#### [Task]
The entries are to be returned exactly, with images left out.

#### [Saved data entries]

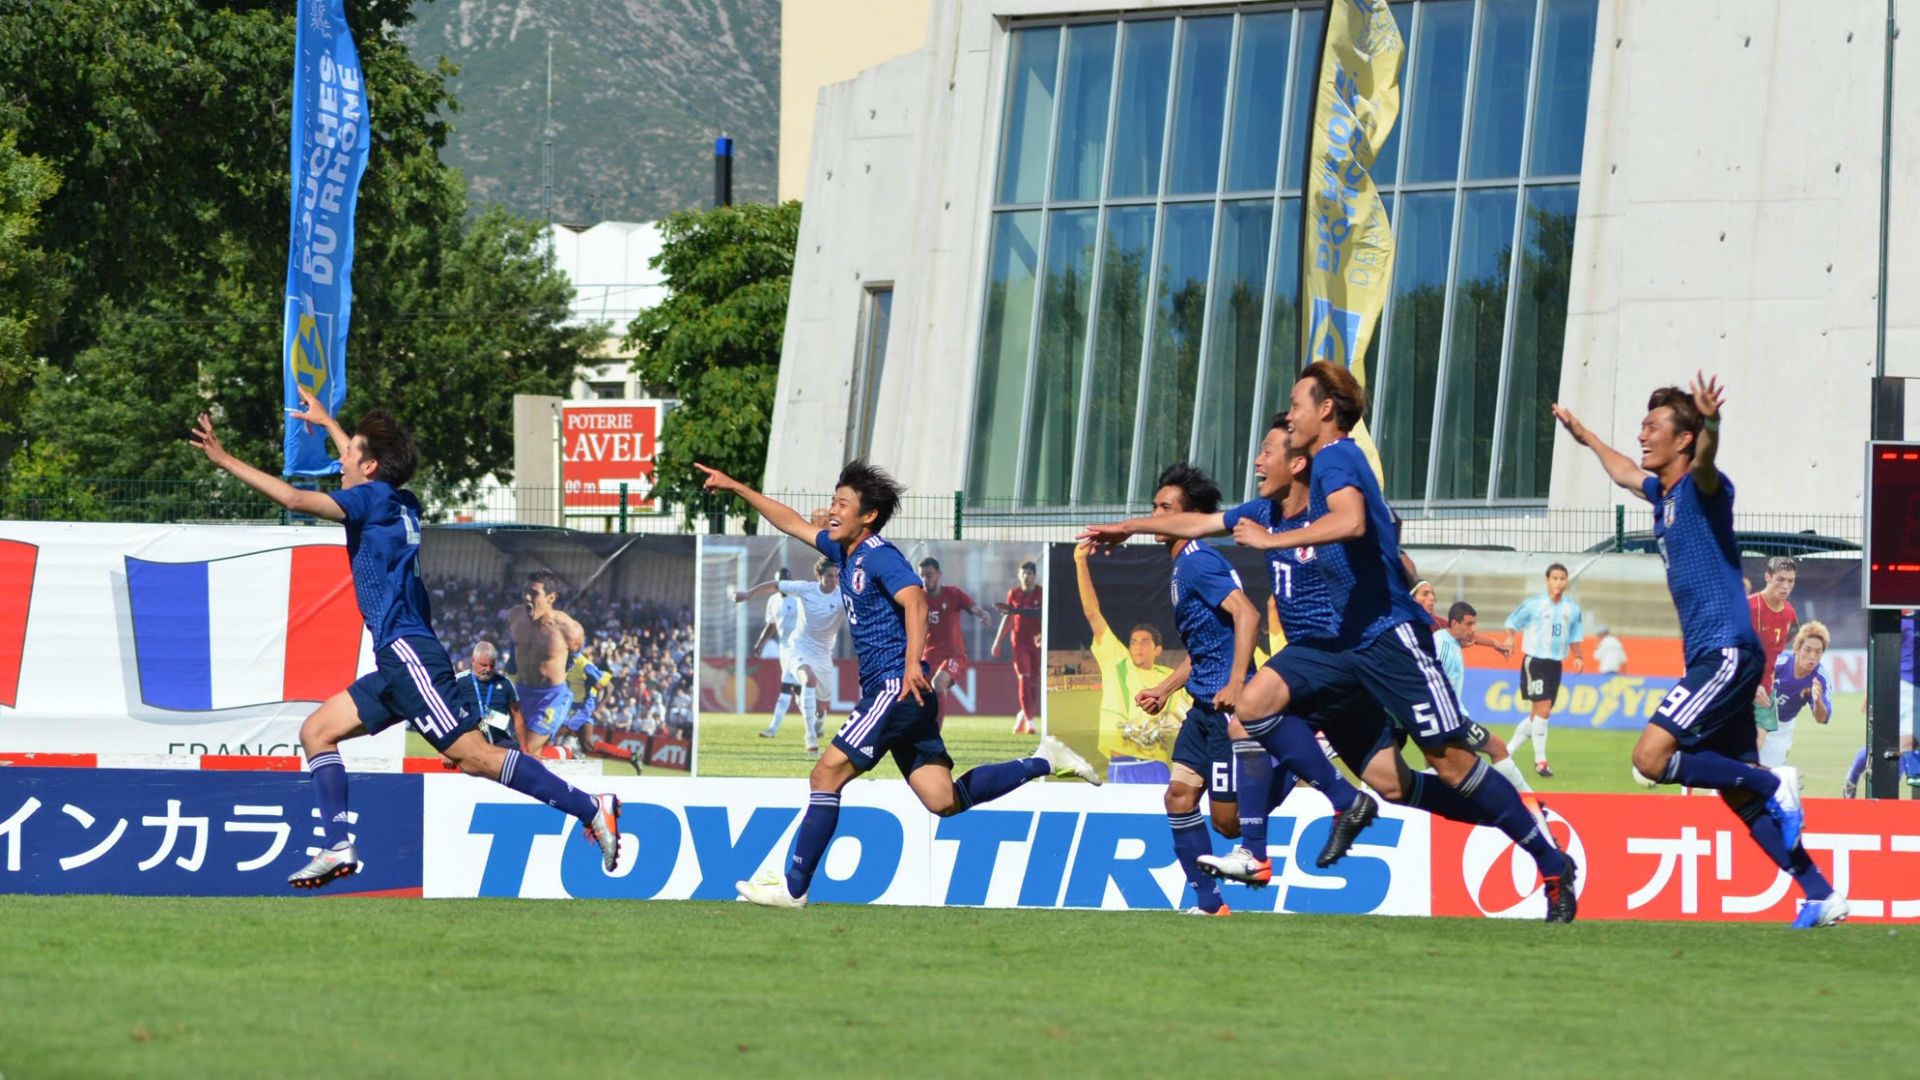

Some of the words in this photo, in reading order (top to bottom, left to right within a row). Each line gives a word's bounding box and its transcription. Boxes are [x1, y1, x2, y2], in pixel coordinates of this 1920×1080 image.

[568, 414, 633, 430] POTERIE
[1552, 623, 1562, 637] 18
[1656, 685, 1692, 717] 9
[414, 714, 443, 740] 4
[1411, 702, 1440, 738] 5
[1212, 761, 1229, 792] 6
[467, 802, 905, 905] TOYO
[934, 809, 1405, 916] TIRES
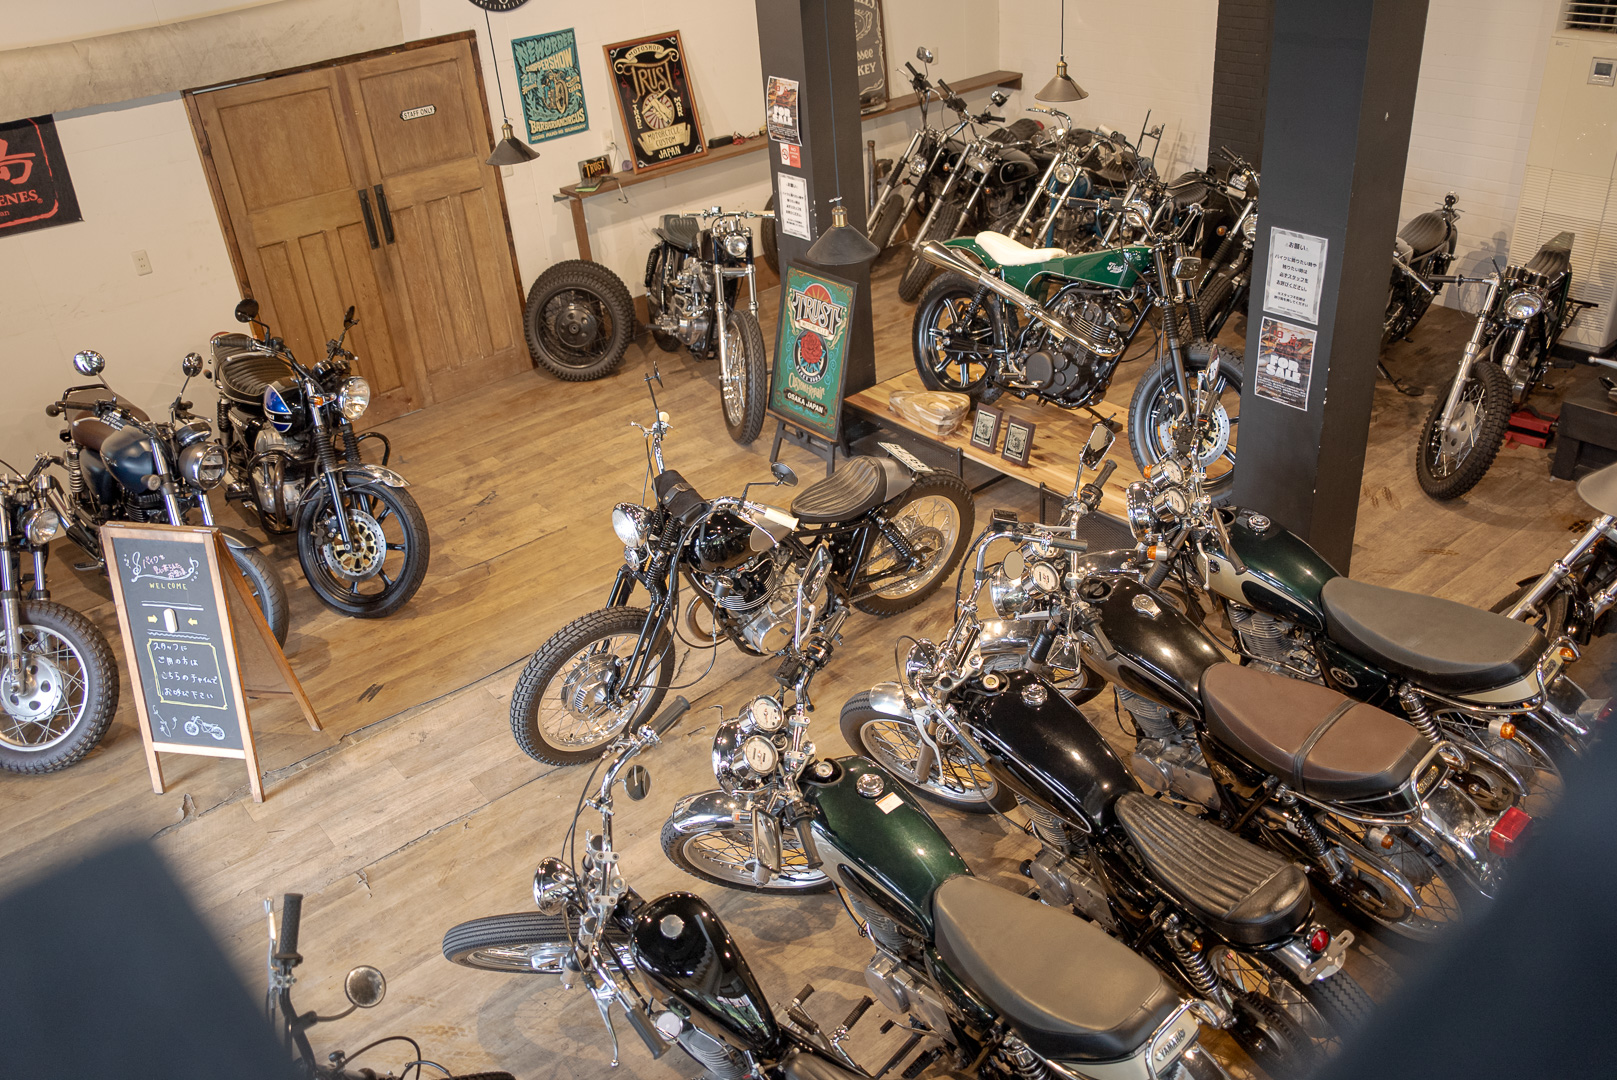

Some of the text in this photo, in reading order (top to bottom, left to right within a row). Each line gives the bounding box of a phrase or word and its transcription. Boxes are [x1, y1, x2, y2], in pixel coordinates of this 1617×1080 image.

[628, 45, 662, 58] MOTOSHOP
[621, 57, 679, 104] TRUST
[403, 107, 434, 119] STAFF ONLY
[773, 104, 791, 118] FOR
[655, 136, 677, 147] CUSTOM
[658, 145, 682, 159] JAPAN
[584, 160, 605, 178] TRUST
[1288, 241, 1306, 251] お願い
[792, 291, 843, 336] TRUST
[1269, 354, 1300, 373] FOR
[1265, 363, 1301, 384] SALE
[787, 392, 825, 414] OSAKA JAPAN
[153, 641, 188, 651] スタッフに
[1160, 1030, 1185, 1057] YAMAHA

#### [Exercise output]
Some of the words in this photo, in reading order (top to bottom, left to right within a row). Each line gives a word's bounding box and its transcription. Boxes are [x1, y1, x2, y2], in pixel coordinates of this 1920×1080 image.

[568, 414, 633, 430] POTERIE
[1552, 623, 1562, 637] 18
[1656, 685, 1692, 717] 9
[414, 714, 443, 740] 4
[1411, 702, 1440, 738] 5
[1212, 761, 1229, 792] 6
[467, 802, 905, 905] TOYO
[934, 809, 1405, 916] TIRES

Some of the text in this photo, in reading order (top to bottom, left to right within a row). Each line gives the bounding box of a phrase or word and its transcription. Boxes are [x1, y1, x2, y2], in pixel coordinates of this 1617×1080 image.

[628, 45, 662, 58] MOTOSHOP
[621, 57, 679, 104] TRUST
[403, 107, 434, 119] STAFF ONLY
[773, 104, 791, 118] FOR
[655, 136, 677, 147] CUSTOM
[658, 145, 682, 159] JAPAN
[584, 160, 605, 178] TRUST
[1288, 241, 1306, 251] お願い
[792, 291, 843, 336] TRUST
[1269, 354, 1300, 373] FOR
[1265, 363, 1301, 384] SALE
[787, 392, 825, 414] OSAKA JAPAN
[153, 641, 188, 651] スタッフに
[1160, 1030, 1185, 1057] YAMAHA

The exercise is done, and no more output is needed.